A tener de frente con más certezas que palabras estos sentimientos. No.
Aquel invierno mi intención fue ver de forma renovada ese cambio cíclico, interpretar de forma distinta la pérdida, la falta de flores, el frío, pero la temporada seca se extendió y desde hace días que deletrear las últimas palabras del día es un trabajo para mi cuello, para esa extraña sección del cuerpo que parece haber sido estrechada de un pellizco y cuya mecánica es posible por fragmentos superpuestos, la misma que me es imposible mover cuando la imagino sin piel.
Otro encargo para mi cuello es defender mi frente antes de que se impacte con la ventana del autobús. Esto será un pendiente hasta que funcione en mis recorridos nocturnos.
En viajes sin sol no descuido mi entorno, no puedo hacerlo, no tengo razones para tomar la rutina como paseo, la obligación como goce o el cobro del pasaje como gasto de placer, pero sobre todo no tengo razones para no apurarme a calcular las magnitudes del daño.
Mientras hago una lista de colapsos pongo en marcha mi protocolo. La primera regla es evitar quejas por el vaivén grotesco que representa el traslado; eso sería una complicidad a medias con los pasajeros y cada nuevo brinco, una vaporosa unificación del espacio.
Veo, al cruzar el pasillo, una incomodidad que podría ser la mía, veo una injusticia que ocurre en un asiento igual al mío, veo mi duplicado incompleto, el acto concreto y algunos detalles, lo mismo pero sin miedo. Mi voz se levanta ante el reflejo que temo cada noche, el coraje duplica mi quijada para acumular saliva, es un acto doble entre la quijada y la saliva. El orden no es claro, pero estoy convencida de que eso manipula el ancho de mi rostro y no me destroza, no lo revienta, solo me inunda.
Tanto líquido en la cara trae lágrimas; pronto ocurre que el frío en el camión nos hace exhalar a la misma temperatura pero con más frecuencia, provocando un contraste con otros días y dejando que las ventanas vistan de empaño.

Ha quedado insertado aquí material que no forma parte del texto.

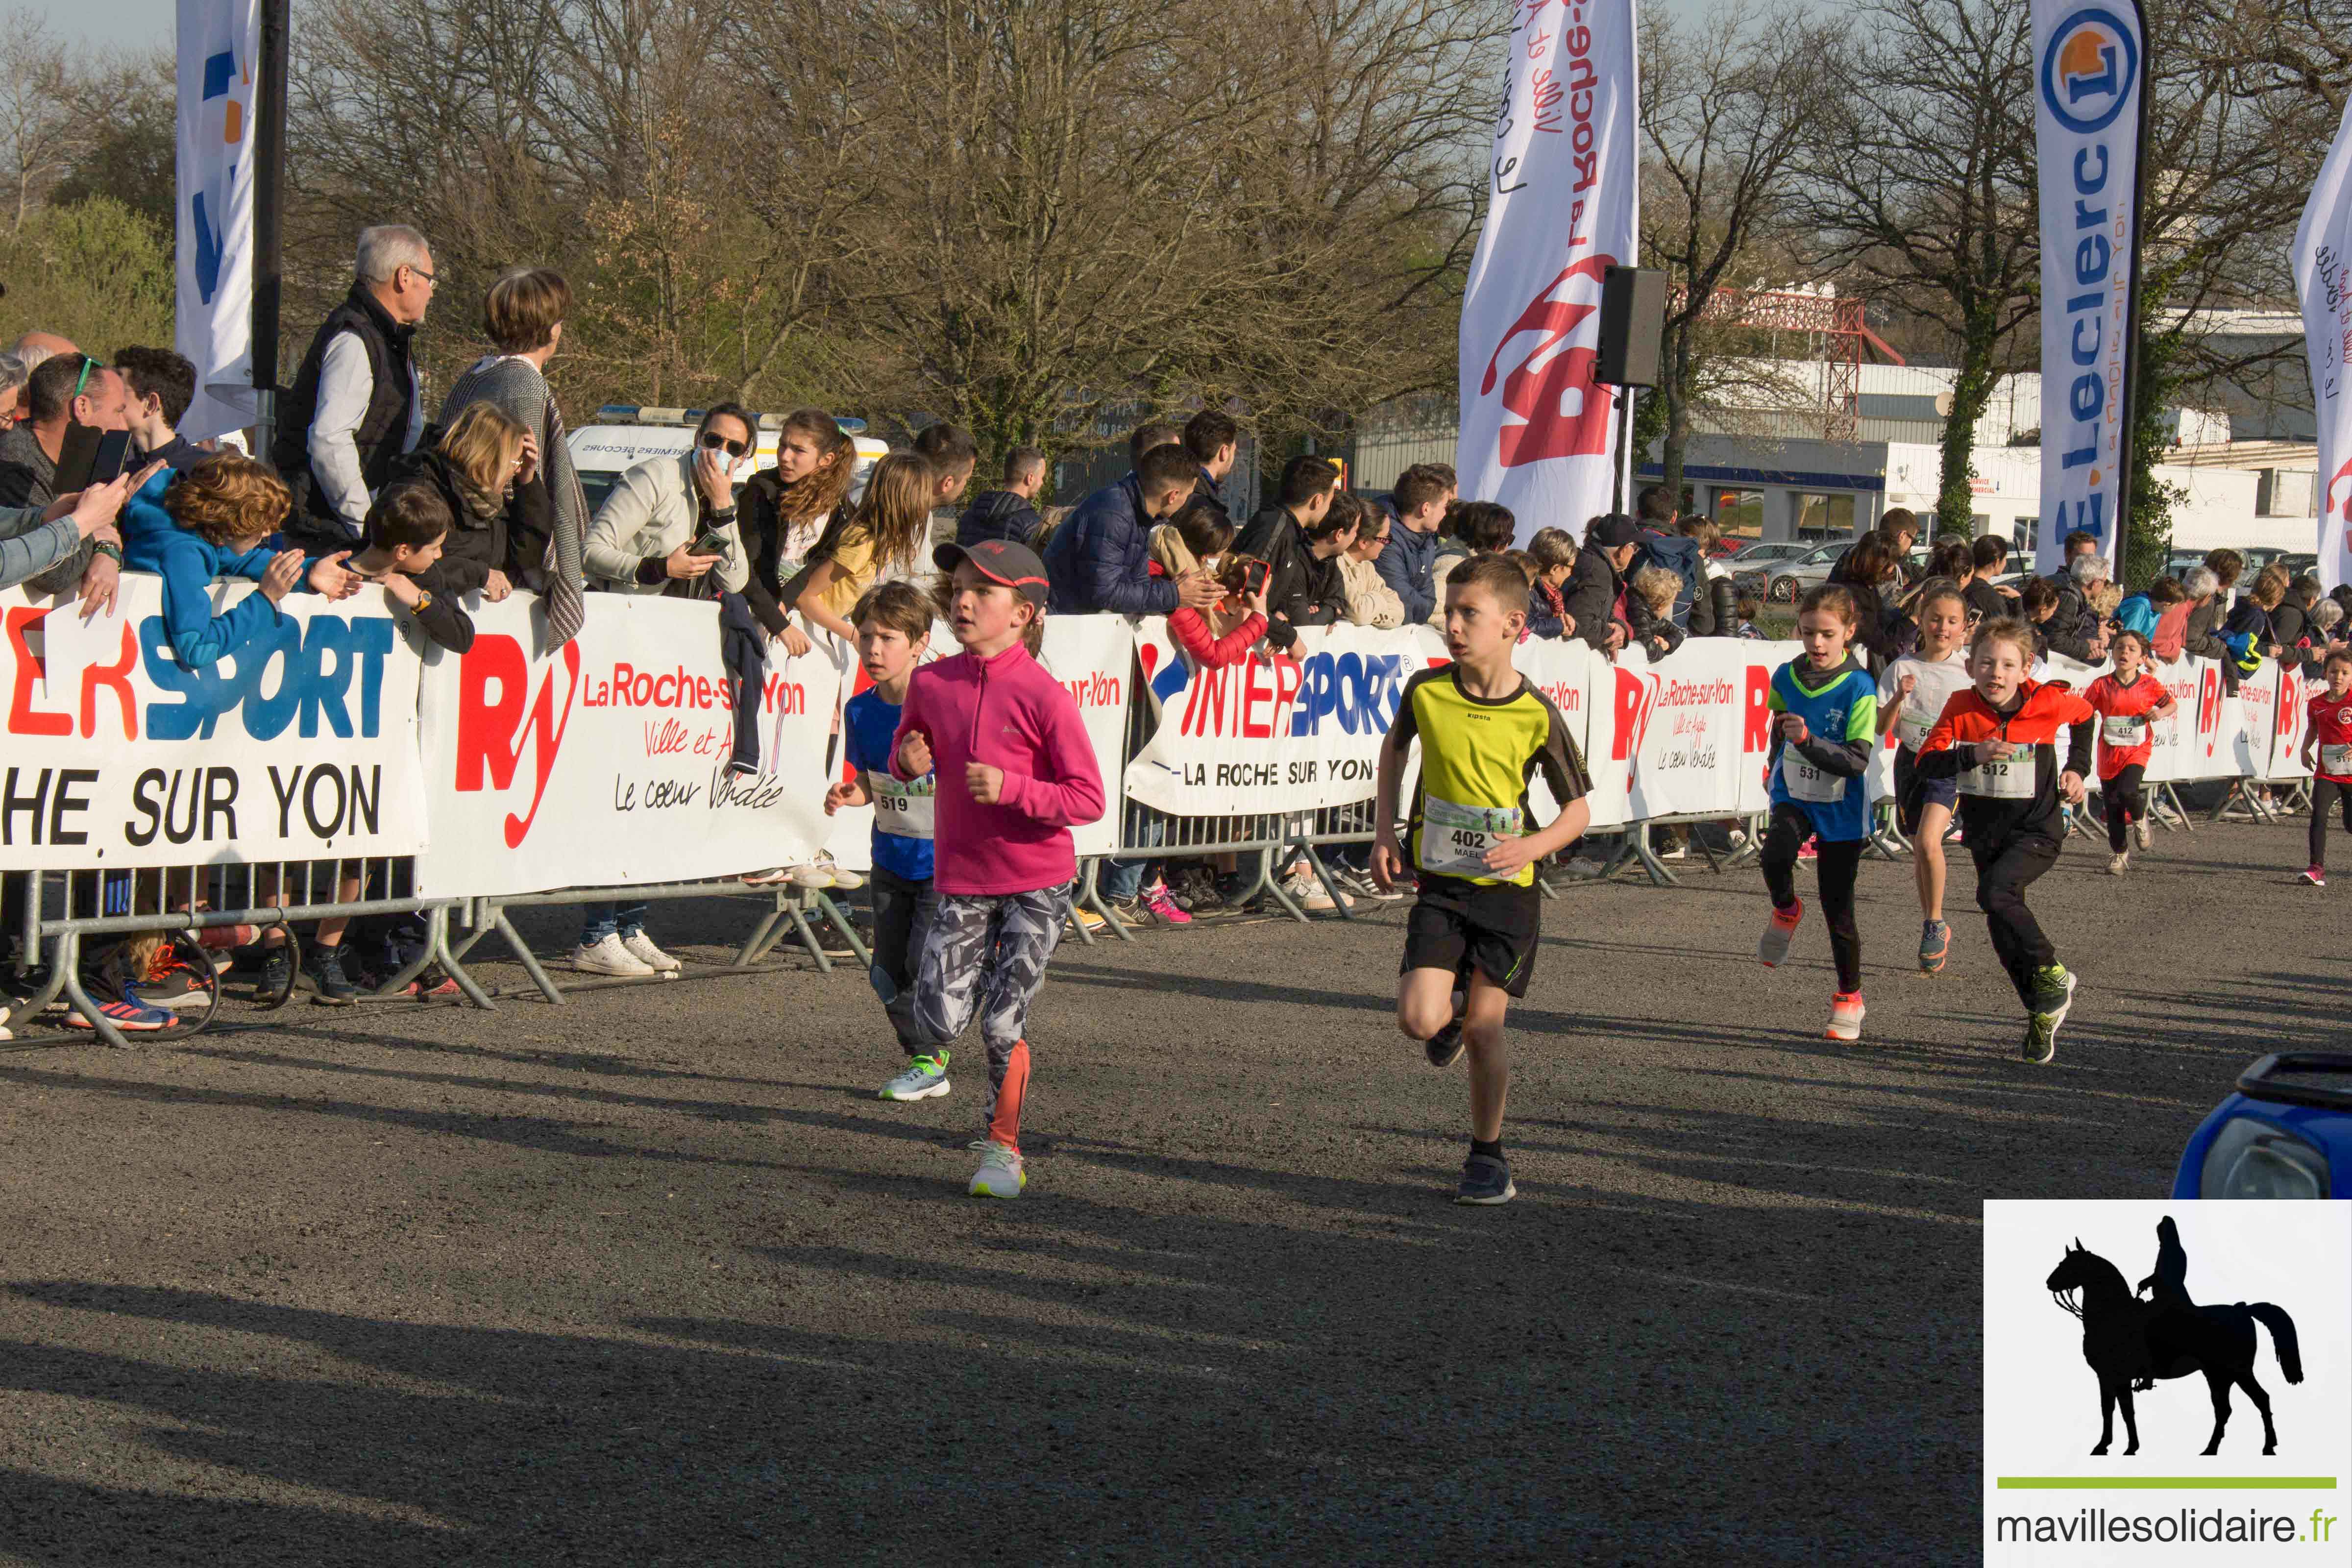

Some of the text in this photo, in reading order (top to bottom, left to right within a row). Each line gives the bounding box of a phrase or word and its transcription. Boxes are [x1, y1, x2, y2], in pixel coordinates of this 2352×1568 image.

La bruma acumulada estimula el dibujo y la primera que no se contiene es la conductora, quien desde el asiento más desvalijado se inclina sobre el parabrisas para contornear una luna. Las más atrevidas y dispuestas a los rituales lunares son las niñas que entregadas a las figuras geométricas desinfladas hacen correr a perros y gatos hechos con la misma dimensión que un elefante; les hacen globos de diálogo sin atreverse a rellenarlos de palabras. La acompañante de las más pequeñitas se asegura de que ningún animal se quede sin cola u ojos antes de hacer parada en la cuadra oscura que inaugura el inicio de la caminata a casa, que harán de nuevo solas, sin la zoología de las ventanas.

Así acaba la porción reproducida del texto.